The Most Underrated Parameter in Programming


Tempo is the most underrated and oft-forgotten factor in programming.

If a training program is presented to you that involves strength work, lifting, or calisthenics, and it does not even address tempo at all, I suggest you don’t bother with it.  

What is Tempo and What Does It Mean?

Tempo specifically refers to the speed of each phase of movement and contraction time in an exercise. It’s sometimes referred to as TUT or Time Under Tension.  The speed at which you’re expected to do a movement dictates the sets/reps, and by extension, the load. All of that translates to the desired response of the workout in the first place. Because of this, it is as important of a consideration as sets, reps and load when discussing strength training.

Translated further in an example: if you have very low weight on a bar and you’re meant to do it for a high rep count, you should probably be slowing down the tempo quite a bit to create muscular stress and NOT throwing weight around quickly. (*There are exceptions in power training of course, but this is outside the scope of this article).

In general, the longer your TUT or during particularly slow eccentrics, you are likely getting hypertrophy (or muscular size) benefits.
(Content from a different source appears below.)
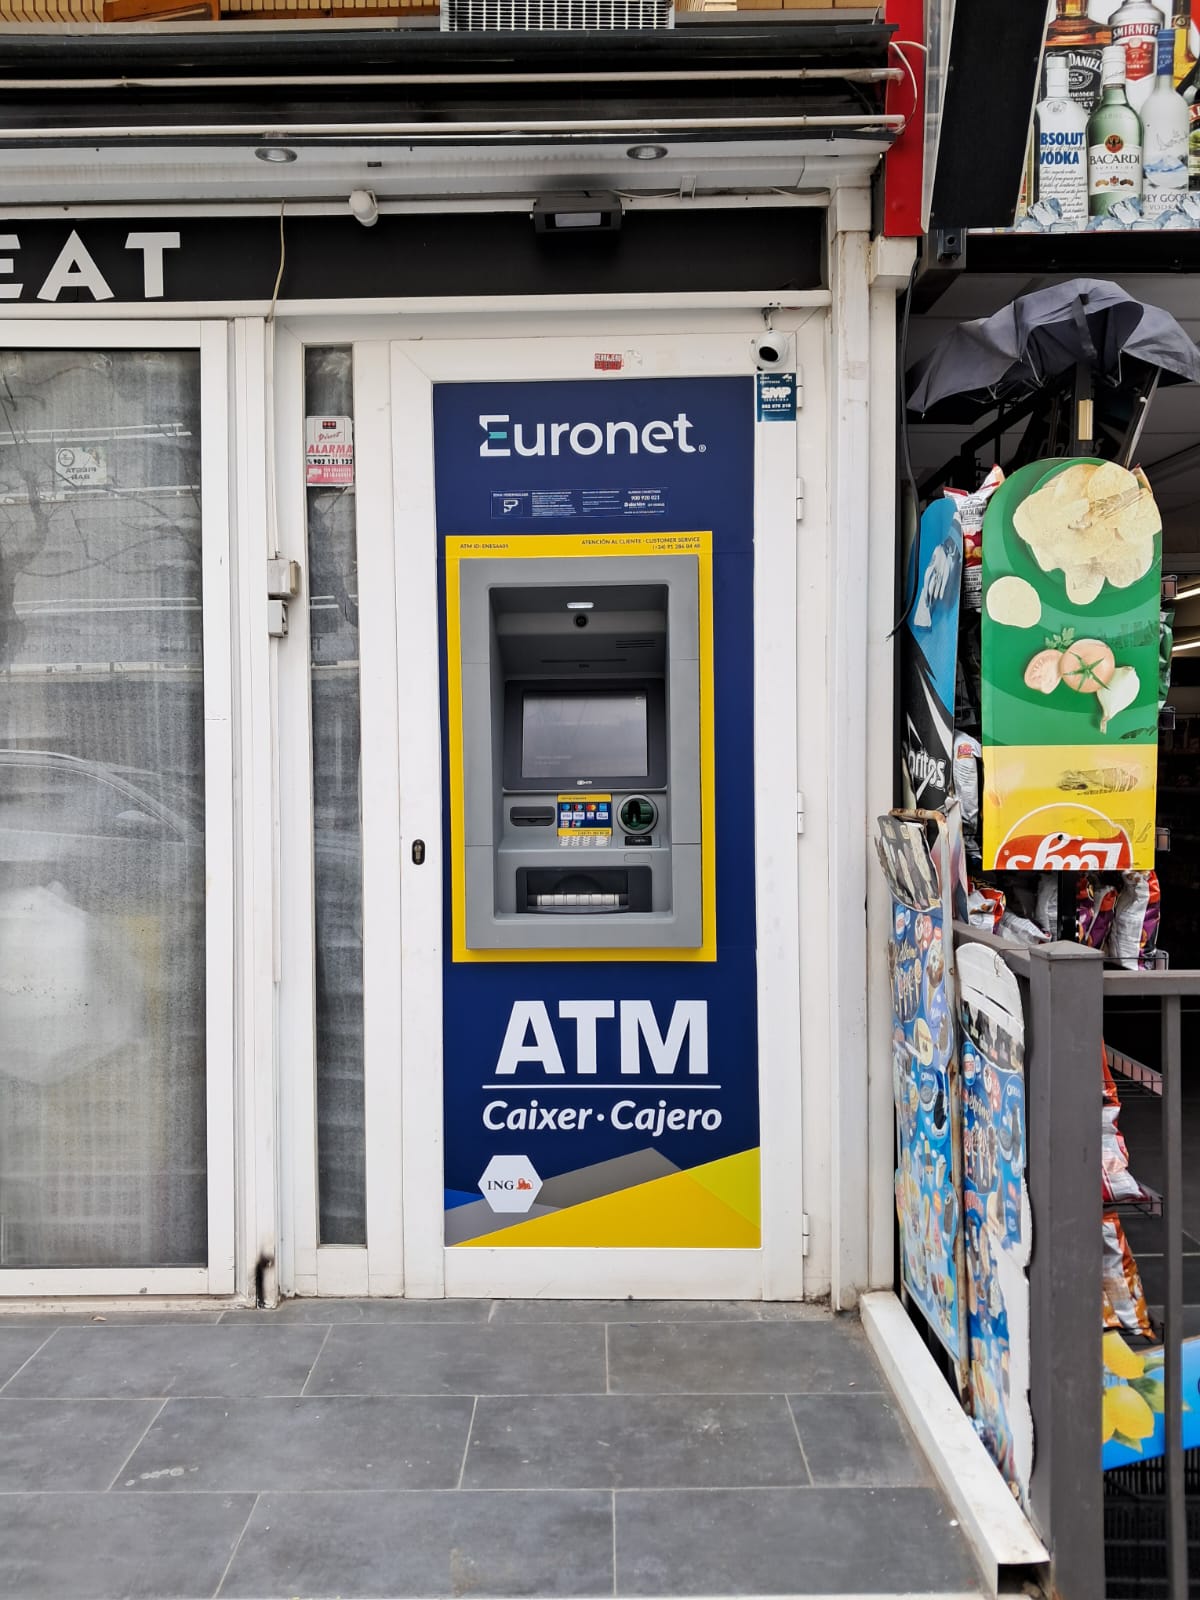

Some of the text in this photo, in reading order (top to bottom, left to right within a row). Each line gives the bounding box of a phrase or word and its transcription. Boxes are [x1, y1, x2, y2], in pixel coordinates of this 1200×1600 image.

One added bonus to an extremely slow tempo is that it has a very therapeutic/corrective effect to the muscles at certain low intensity percentages: because you are moving slowly, your brain and muscles have that extra time to “communicate” and you can increase motor unit activation to muscles that may be lagging as they’re increasingly placed under stress. This is why isometrics are often used in sports rehab settings or for sticking points in some athlete’s lifts.
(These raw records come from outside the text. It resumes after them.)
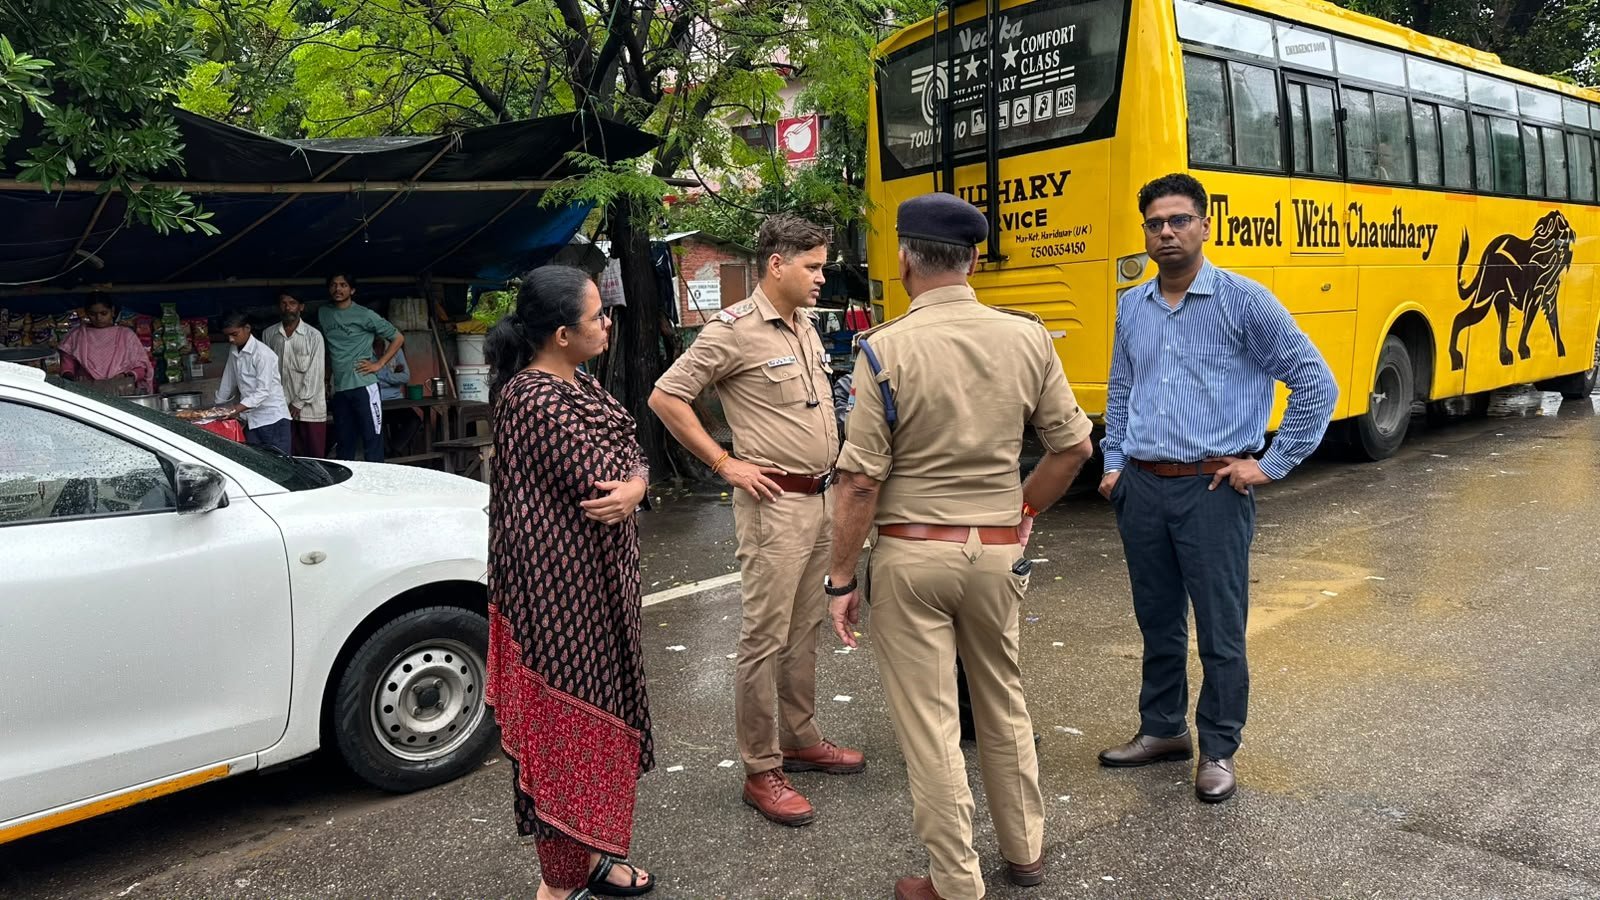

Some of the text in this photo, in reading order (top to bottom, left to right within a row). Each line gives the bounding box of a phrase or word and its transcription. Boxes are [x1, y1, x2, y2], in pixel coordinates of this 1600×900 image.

[959, 16, 1024, 52] Vedka
[1020, 24, 1076, 55] COMFORT
[1020, 49, 1060, 76] CLASS
[1058, 90, 1074, 109] ABS
[958, 170, 1072, 206] UDHARY
[1209, 194, 1438, 261] Travel With Chaudhary
[1030, 241, 1086, 258] 7500354150
Extremely slow tempos, in my book, would be defined as anything over 6 seconds in either phase of movement or contraction.

Conversely, the shorter your TUT or Tempo, the more you’re looking to move bigger weight. 

In strength sports, it’s pretty cut and dry as to when/why you would train with faster tempos and bigger weights. But in jiu jitsu, you must always be making careful tradeoffs for your body in terms of what strength qualities to train. For example, if you are only able to back squat or deadlift 40% of your bodyweight, I would definitely want to bring that up quite a bit and would call that a glaring area of need. However, if you’re lifting past your bodyweight in a big indicator lift (your bodyweight past 40% at least), we would definitely be looking to add more stability, identify any potential muscular imbalances, etc, and NOT turning you into a powerlifting hybrid athlete. In this case, you would train with longer tempos and moderate loads/intensities.

Applied to Grappling

In the video below, Marcelo Garcia brown belt Leigh Cohen is demonstrating a very slow Heels Elevated Front Squat.  Leigh tests more than adequately in raw strength, and his trainable qualities/needs lie more in mobility and muscular endurance, all of which are qualities very trainable by slow tempos.

To illustrate further, if Leigh’s absolute strength was the goal and his mobility was A+: we’d lose the slant board, have him lift much quicker, and probably add about 50lbs to the bar for sets of 3 or 4. 

We use tempo extensively in my training programs and in Jiu Jitsu Strength because it may be the most important variable for a Jiu Jitsu athlete to understand in their strength training. Raw weight and putting big plates on the bar feels good to your ego, but think about what helps your training the most. Sometimes it’s that, sometimes it’s not.

It may mean being Eddy Coan one day, Ronnie Coleman the next, but Ido Portal on Friday. If that analogy didn’t land: it means be smart, lift heavy when you need to, get bigger in size if you’re too small and often injured, or work your mobility if you’re stiff as steel.